Что касается непосредственно учения Толстого о непротивлении злу насилием, то Бердяев прекрасно понимал его центральное значение для этической мысли Толстого, поэтому и здесь со стороны Бердяева звучит целый ряд громких, но необоснованных утверждений. При том, что Толстой в статье «Духи русской революции» приравнивается к буддистам и адептам пассивности, это не мешает Бердяеву сделать, например, следующее заявление: «Русская революция являет собой своеобразное торжество толстовства» [4, с. 695]. Более того, согласно Бердяеву, оказывается, что «Толстой мешал нарождению и развитию в России нравственно ответственной личности, мешал подбору личных качеств, и потому он был злым гением России, соблазнителем ее» [4, с. 697]. Далее Бердяев пишет: «Толстовская мораль восторжествовала в русской революции, но не теми идиллическими и любвеобильными путями, которые предносились самому Толстому» [4, с. 697]. Другими словами, автор статьи «Духи русской революции» хотя и понимал, но не относился серьезно к тому, что в центре толстовства как раз и было отрицание насилия как в качестве средства, так и в качестве цели. Для Бердяева, как и многих других критиков Толстого, суть его учения о непротивлении злу насилием, его убеждения и мотивы - второстепенны, если не третьестепенны. Как критиков Толстого в Советской России, так и многих критиков в среде белой эмиграции, включая Бердяева, интересовали воображаемые и ими же выводимые последствия социального, политического, психологического воздействия учения Толстого на некое коллективное сознание того, что они называют русским или советским народом. То, что Толстой призывал не убивать ни революционеров, ни контрреволюционеров, ни кого-либо еще, решительно выступая против любого насилия, сильно раздражало критиков как слева, так и справа.

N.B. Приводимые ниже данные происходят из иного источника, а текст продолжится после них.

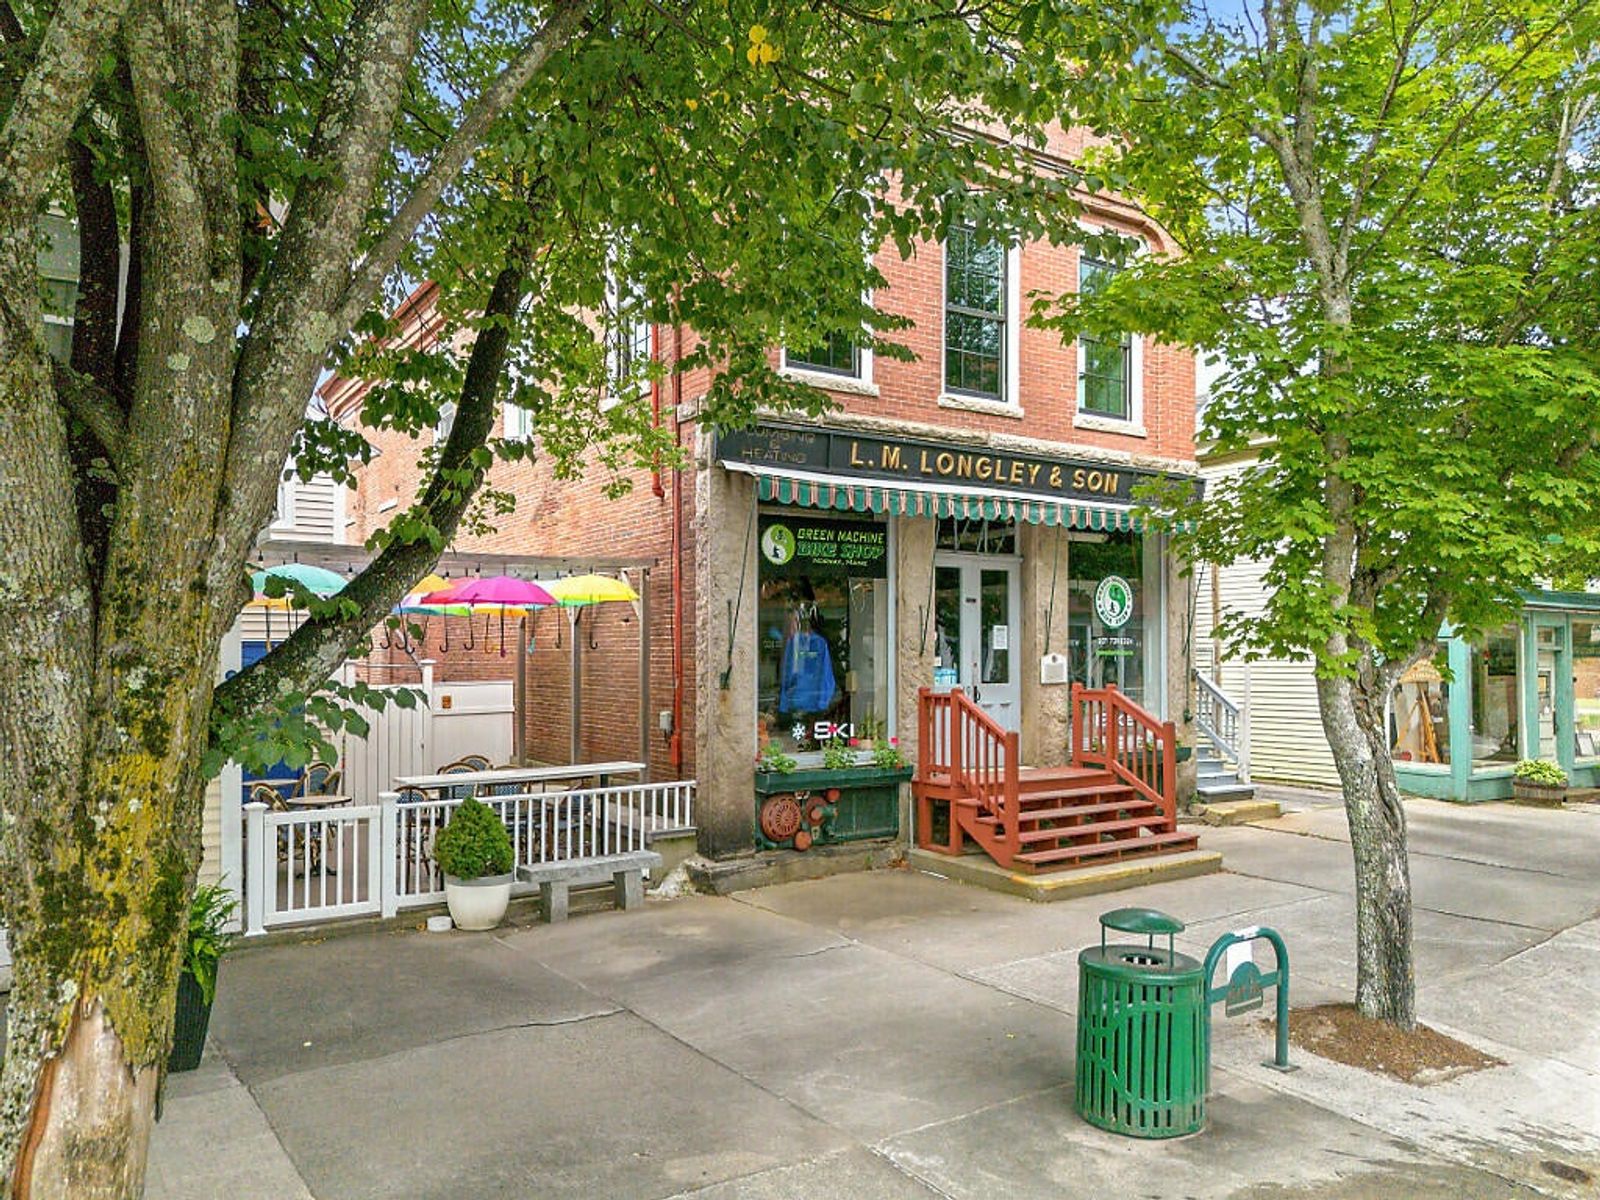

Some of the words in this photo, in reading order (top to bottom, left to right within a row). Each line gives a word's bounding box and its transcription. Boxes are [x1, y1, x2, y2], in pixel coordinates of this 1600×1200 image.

Для уяснения взглядов многих известных эмигрантов из России на учение о непротивлении злу насилием в первое десятилетие после 1917 года важна дискуссия, развернувшаяся вокруг выступлений и книги Ильина «О

сопротивлении злу силою» [2]. Так как мыслителей, ставших на сторону Толстого было крайне мало, то основная полемика развернулась между представителями разных политических движений внутри эмигрантов из России. Порой эта дискуссия, при обоюдной критической позиции, доходила до предельно жестких выражений и даже личных оскорблений. Как, например, это было в случае Бердяева и Ильина (см.: [2]). Само произведение Ильина «О сопротивлении злу силою» стало самой масштабной атакой на нравственное учение Толстого в среде белой эмиграции. Однако при всей разветвленности и объемности основные стратегии критики идей Толстого у Ильина повторяют не только консервативные и религиозные упреки со стороны Достоевского, Соловьева и Бердяева, но и пересекаются с нападками на учение о непротивление злу насилием со стороны идеологов большевиков. Уже в начале книги учение Толстого объявляется Ильиным «узаконивающим слабость» [8, с. 37], «возвеличивающим эгоцентризм» [8, с. 37], «потакающим безволию» [8, с. 37], к тому же утверждается, что это учение «отравляло русскую религиозную и политическую культуру» [8, с. 37].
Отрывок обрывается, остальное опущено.